Work required: Go through the data below and copy it exactly, skipping every picture.

Supplied data:

· · · ·

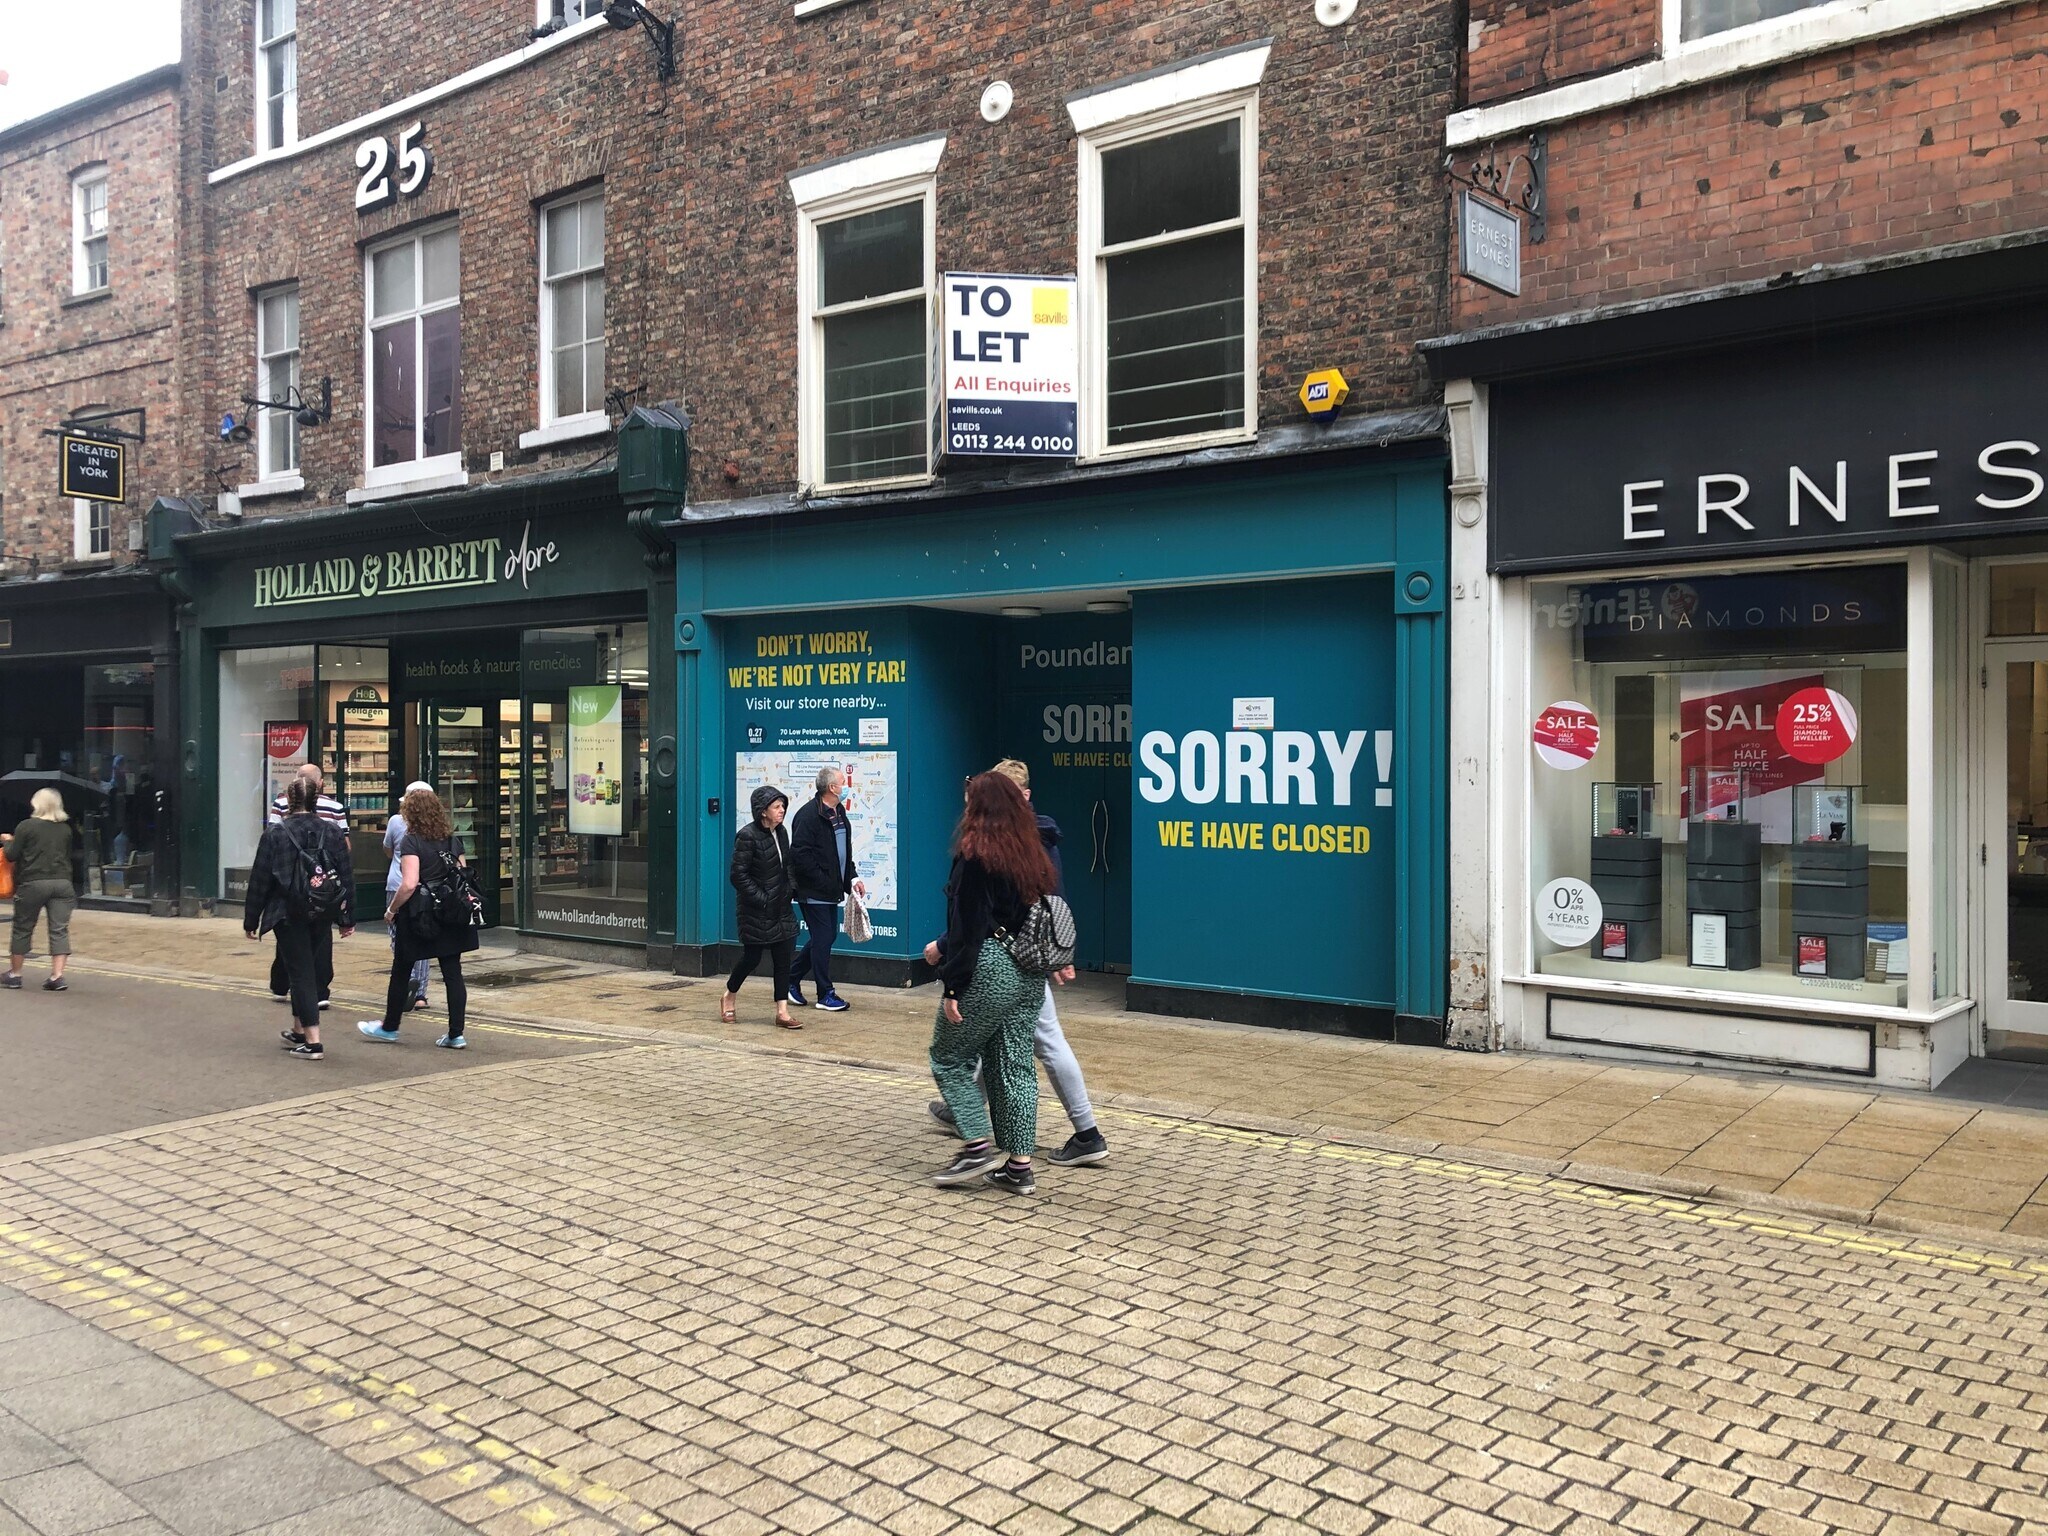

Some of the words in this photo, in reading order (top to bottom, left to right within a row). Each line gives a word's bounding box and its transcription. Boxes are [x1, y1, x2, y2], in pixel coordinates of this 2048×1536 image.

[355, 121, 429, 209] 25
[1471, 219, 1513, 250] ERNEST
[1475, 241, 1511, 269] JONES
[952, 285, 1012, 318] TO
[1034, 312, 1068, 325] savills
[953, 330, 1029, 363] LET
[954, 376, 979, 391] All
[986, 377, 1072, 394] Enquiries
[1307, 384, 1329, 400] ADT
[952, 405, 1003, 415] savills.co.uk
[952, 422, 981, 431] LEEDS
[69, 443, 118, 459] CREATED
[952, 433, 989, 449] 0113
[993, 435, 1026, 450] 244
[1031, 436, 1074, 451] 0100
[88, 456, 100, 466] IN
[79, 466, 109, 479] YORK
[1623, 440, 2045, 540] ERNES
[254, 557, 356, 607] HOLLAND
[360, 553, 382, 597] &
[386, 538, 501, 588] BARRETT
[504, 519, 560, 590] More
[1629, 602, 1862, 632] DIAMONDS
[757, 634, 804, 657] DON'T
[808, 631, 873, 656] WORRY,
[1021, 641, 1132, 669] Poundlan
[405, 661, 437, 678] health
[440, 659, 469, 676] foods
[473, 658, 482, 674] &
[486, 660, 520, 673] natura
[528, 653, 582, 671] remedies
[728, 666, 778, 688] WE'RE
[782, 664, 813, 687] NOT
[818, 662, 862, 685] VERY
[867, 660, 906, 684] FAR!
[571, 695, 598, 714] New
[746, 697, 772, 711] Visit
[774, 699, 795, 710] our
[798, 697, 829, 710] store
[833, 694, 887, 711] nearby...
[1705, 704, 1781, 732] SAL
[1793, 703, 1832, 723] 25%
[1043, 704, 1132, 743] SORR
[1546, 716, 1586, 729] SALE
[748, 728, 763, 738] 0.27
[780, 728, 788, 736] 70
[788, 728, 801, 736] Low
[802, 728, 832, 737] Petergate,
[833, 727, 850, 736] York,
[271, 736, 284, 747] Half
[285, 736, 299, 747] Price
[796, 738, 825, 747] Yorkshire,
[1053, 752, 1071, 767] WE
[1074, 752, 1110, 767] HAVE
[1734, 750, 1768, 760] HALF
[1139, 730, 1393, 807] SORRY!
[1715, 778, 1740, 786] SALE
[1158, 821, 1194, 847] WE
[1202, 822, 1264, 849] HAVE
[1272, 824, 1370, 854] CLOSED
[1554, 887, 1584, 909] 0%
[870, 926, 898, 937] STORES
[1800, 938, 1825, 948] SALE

· · · ·

Completed exercise:
Some of the words in this photo, in reading order (top to bottom, left to right within a row). Each line gives a word's bounding box and its transcription. Boxes are [x1, y1, x2, y2], in pixel coordinates of this 2048×1536 image.

[355, 121, 429, 209] 25
[1471, 219, 1513, 250] ERNEST
[1475, 241, 1511, 269] JONES
[952, 285, 1012, 318] TO
[1034, 312, 1068, 325] savills
[953, 330, 1029, 363] LET
[954, 376, 979, 391] All
[986, 377, 1072, 394] Enquiries
[1307, 384, 1329, 400] ADT
[952, 405, 1003, 415] savills.co.uk
[952, 422, 981, 431] LEEDS
[69, 443, 118, 459] CREATED
[952, 433, 989, 449] 0113
[993, 435, 1026, 450] 244
[1031, 436, 1074, 451] 0100
[88, 456, 100, 466] IN
[79, 466, 109, 479] YORK
[1623, 440, 2045, 540] ERNES
[254, 557, 356, 607] HOLLAND
[360, 553, 382, 597] &
[386, 538, 501, 588] BARRETT
[504, 519, 560, 590] More
[1629, 602, 1862, 632] DIAMONDS
[757, 634, 804, 657] DON'T
[808, 631, 873, 656] WORRY,
[1021, 641, 1132, 669] Poundlan
[405, 661, 437, 678] health
[440, 659, 469, 676] foods
[473, 658, 482, 674] &
[486, 660, 520, 673] natura
[528, 653, 582, 671] remedies
[728, 666, 778, 688] WE'RE
[782, 664, 813, 687] NOT
[818, 662, 862, 685] VERY
[867, 660, 906, 684] FAR!
[571, 695, 598, 714] New
[746, 697, 772, 711] Visit
[774, 699, 795, 710] our
[798, 697, 829, 710] store
[833, 694, 887, 711] nearby...
[1705, 704, 1781, 732] SAL
[1793, 703, 1832, 723] 25%
[1043, 704, 1132, 743] SORR
[1546, 716, 1586, 729] SALE
[748, 728, 763, 738] 0.27
[780, 728, 788, 736] 70
[788, 728, 801, 736] Low
[802, 728, 832, 737] Petergate,
[833, 727, 850, 736] York,
[271, 736, 284, 747] Half
[285, 736, 299, 747] Price
[796, 738, 825, 747] Yorkshire,
[1053, 752, 1071, 767] WE
[1074, 752, 1110, 767] HAVE
[1734, 750, 1768, 760] HALF
[1139, 730, 1393, 807] SORRY!
[1715, 778, 1740, 786] SALE
[1158, 821, 1194, 847] WE
[1202, 822, 1264, 849] HAVE
[1272, 824, 1370, 854] CLOSED
[1554, 887, 1584, 909] 0%
[870, 926, 898, 937] STORES
[1800, 938, 1825, 948] SALE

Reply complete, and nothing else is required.